A couple of former coworkers have sent me emails, wondering how I fill my time and if I am bored. I tell them them that, so far, I'm finding enough to do.

Sunday, August 9, 2009

Days flying by

1. Got estimates on a new roof. When I put my house up for sale last year, I was told by a roofing company that the roof was fine. Since then, it has developed an algae bloom, which I've learned is a new (climate change?) problem in my area. So I need a new roof and want to get it fixed before I sell the house. Who wants to buy a pre-existing problem, after all.

2. Put together the shop- vac I bought some time ago Putting things together is an irritation and challenge for me, but there is satisfaction in having it done. Only a few days later, finally, vacuumed the spiders from the basement, its intended use. (of course now I never want to touch it again. ick.)

3. Wrote to HR at my former job with questions about nuts and bolts - how do I cancel my long term disability policy? I need to pay my FSA medical account spending contributions in full, who handles that? How can you work for such idiots? Those sorts of things. It came back 'undeliverable.'

4. Worked on COBRA application. Thank goodness for O'Bama. It is expensive, but would have cost 3 times more under the old plan.

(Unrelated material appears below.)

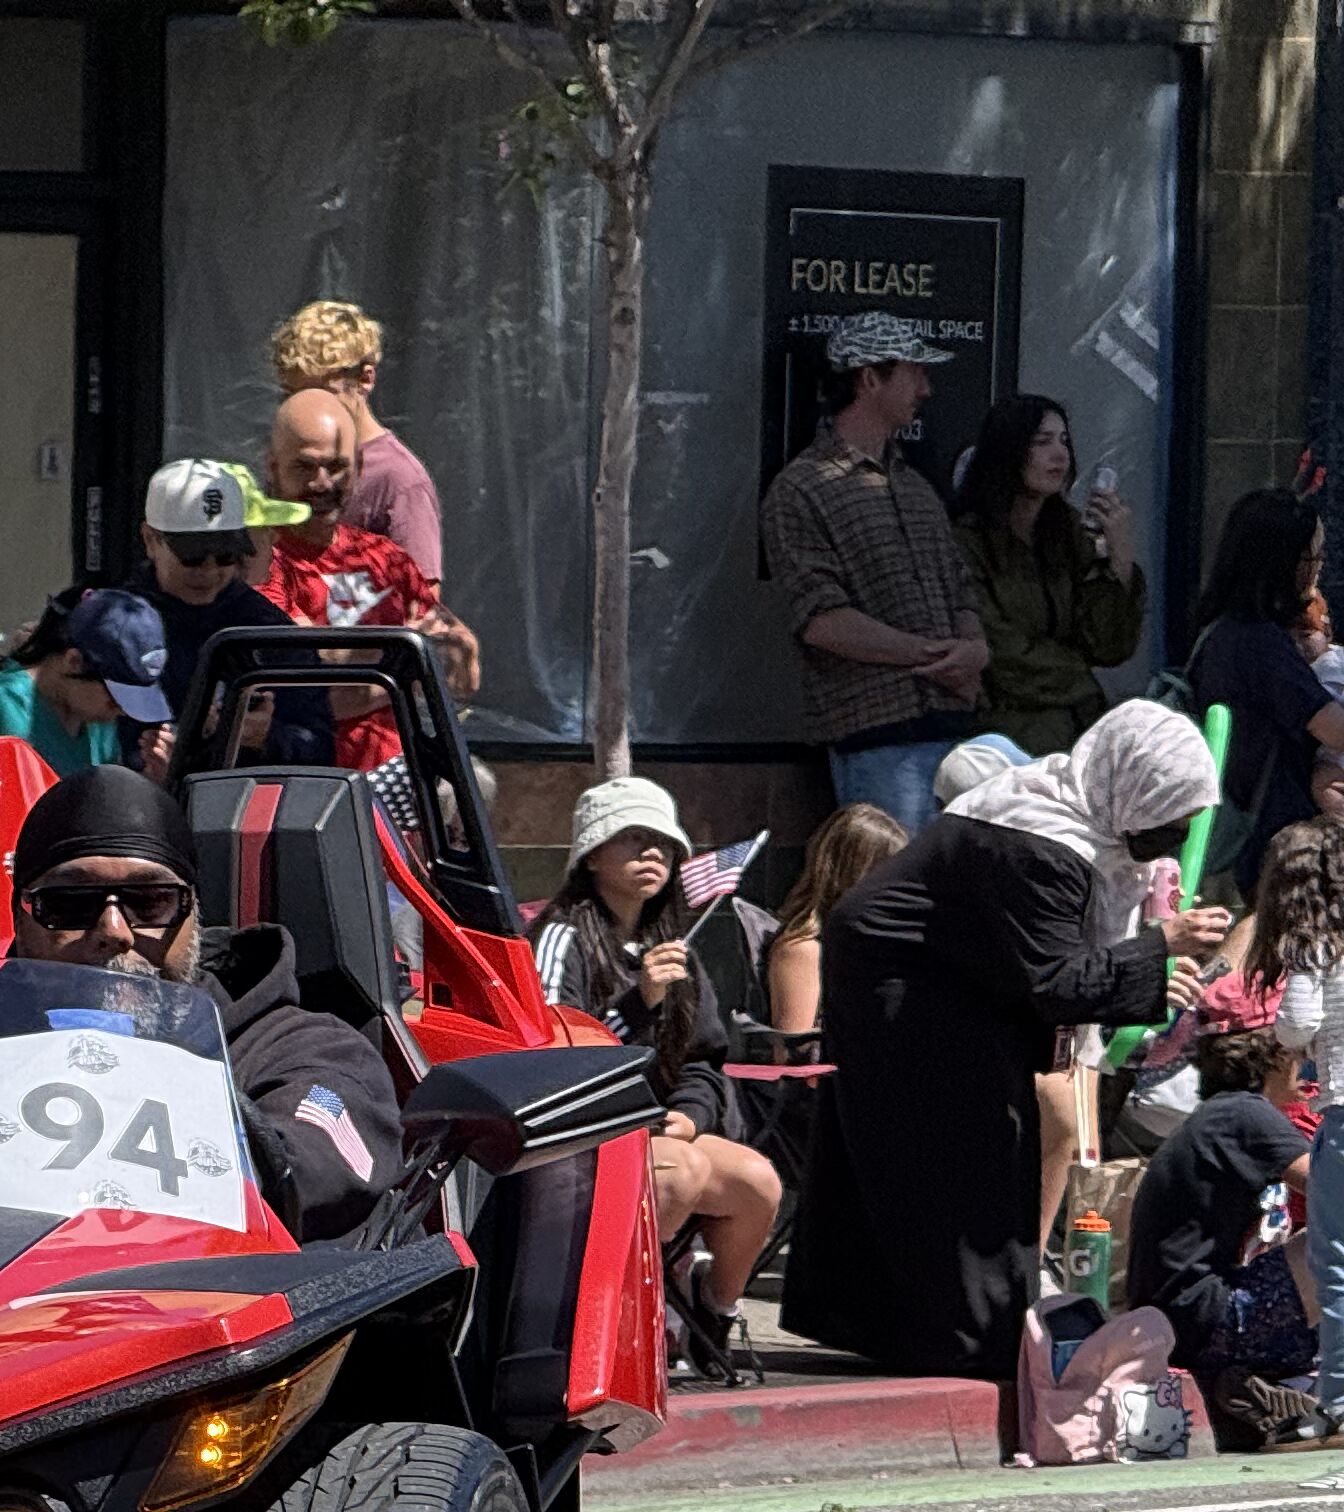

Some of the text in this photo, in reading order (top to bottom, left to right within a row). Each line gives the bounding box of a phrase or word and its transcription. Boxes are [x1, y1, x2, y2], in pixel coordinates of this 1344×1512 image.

[791, 258, 934, 298] FOR LEASE
[938, 319, 984, 341] SPACE
[18, 1081, 188, 1197] 94

5. Did more paperwork on the unemployment stuff. It is almost a full-time job in itself.

6. Unburied St. Joseph, reminded him how pretty it is out here, stuck him back in the ground.

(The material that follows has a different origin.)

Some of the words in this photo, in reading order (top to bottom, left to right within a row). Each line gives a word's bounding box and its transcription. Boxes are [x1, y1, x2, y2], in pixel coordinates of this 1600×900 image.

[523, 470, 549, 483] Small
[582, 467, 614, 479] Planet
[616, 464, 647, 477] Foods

7. Wrote righteous letters to several people at former work place. Edited them until they were perfect. Deleted them.

8. Got 2 showings but no offer on my Detroit house.

9. Decided to buy the house by the grandchildren anyway.

10. Life is good.

Wednesday, August 5, 2009

Unemployed in Detroit

I am surprised at the mix of relief and stunned disbelief I feel. I have now been unemployed for 3 days. I had hated (no exaggeration) my job and disliked my supervisor's 'vision' for nearly 10 of my 22 1/2 years with my employer (I loved the first 13 years with a different boss, so I guess I was lucky). Ironically, I was eligible for family medical leave time, and had advised my supervisor that I was having difficulty at work, but it felt dishonest to use all my medical leave time until I really had to, so I put it off.

Whatever. I was plotting my escape, and expected to leave at the end of the year, move to another depressed working-class Michigan town where my son's family lives, buy a house and find a job there. Although my Detroit area house is not yet sold, I had chosen the new house and was approved for the loan, and was supposed to close the deal on August 26. Unemployment quashed that plan.

I have been mostly sitting and wondering at how the time flies by. I'm thinking about how many things I wish I'd done before this happened and - shame on me - instead of wishing I'd bought fewer things, wishing I'd bought more while I had the income. But I have taken a few practical steps in my few days off. I've make changes in my house listing and started some home improvement projects to (hopefully) make the sale more attractive. I've applied to begin collecting (meager) retirement benefits at the end of the year. I've applied for (even more meager) unemployment benefits which, in a worse case, scenario, would last until my retirement begins. I've advised my one de facto dependent that I can't afford to help her like I had been. And I've posted my resume and done some job seeking on line.

But I don't know what city to look for jobs in, because I'm just not ready to give up the idea of the anticipated new house. I KNOW what Suze Orman would say. It's what I would say to anyone in my position. But, despite her sound uspoken advice, I am thinking about pooling all my other assets (I received an inheritance awhile back that is just sitting, prudently, in an account) and buying the house anyway, at a ridiculously low price. The way I look at it is, if I'm going to be unemployed and flat broke, doesn't it make sense to be near the grandkids instead of Detroit?

Saturday, August 1, 2009

An open letter to the Universe:

When I said I wanted an early retirement, this is not what I meant. Detroit's unemployment rate is 23% ---- plus one.